#### [What you need to do]
Your answer must be an exact copy of the entries below, with every picture removed.

#### [Source material]
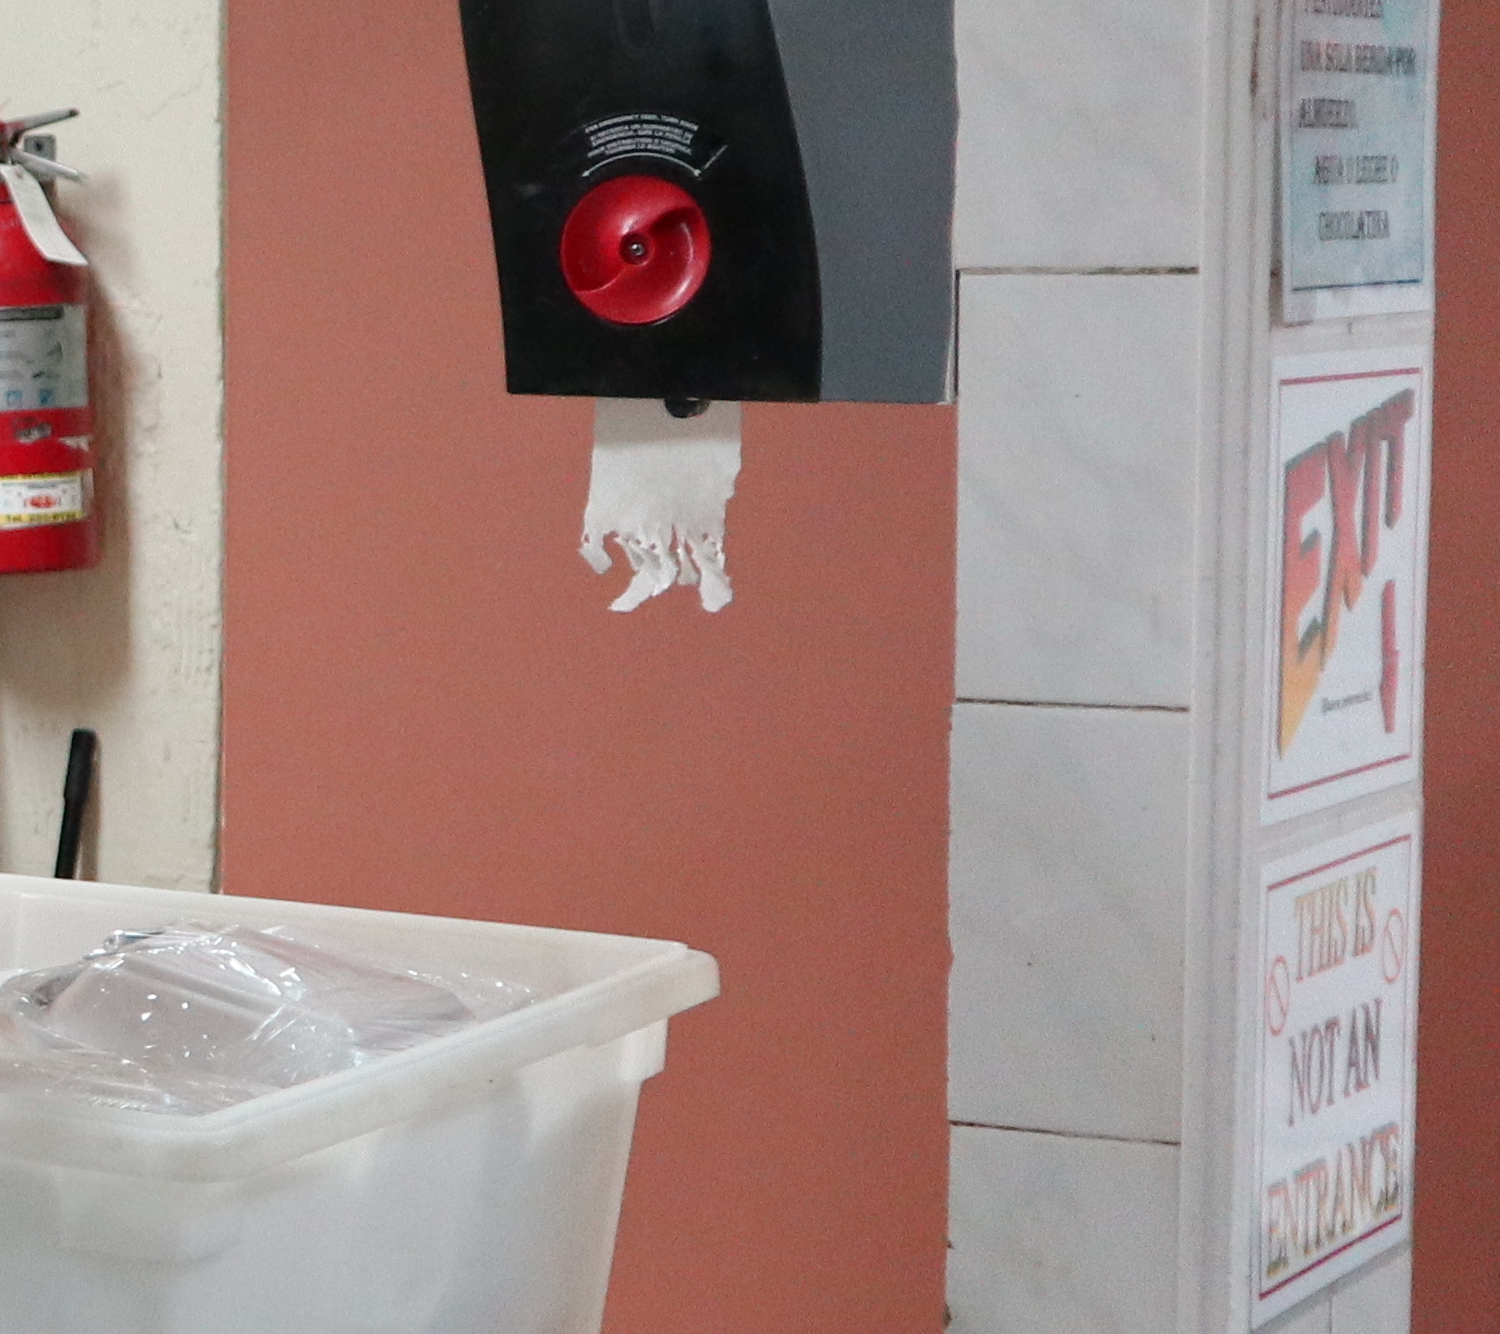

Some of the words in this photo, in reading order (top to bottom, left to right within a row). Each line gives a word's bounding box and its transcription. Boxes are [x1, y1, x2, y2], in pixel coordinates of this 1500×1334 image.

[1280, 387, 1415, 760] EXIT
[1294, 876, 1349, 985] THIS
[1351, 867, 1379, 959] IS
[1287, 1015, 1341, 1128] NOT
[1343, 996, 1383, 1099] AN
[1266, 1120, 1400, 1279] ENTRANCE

#### [Answer for this exercise]
Some of the words in this photo, in reading order (top to bottom, left to right within a row). Each line gives a word's bounding box and its transcription. Boxes are [x1, y1, x2, y2], in pixel coordinates of this 1500×1334 image.

[1280, 387, 1415, 760] EXIT
[1294, 876, 1349, 985] THIS
[1351, 867, 1379, 959] IS
[1287, 1015, 1341, 1128] NOT
[1343, 996, 1383, 1099] AN
[1266, 1120, 1400, 1279] ENTRANCE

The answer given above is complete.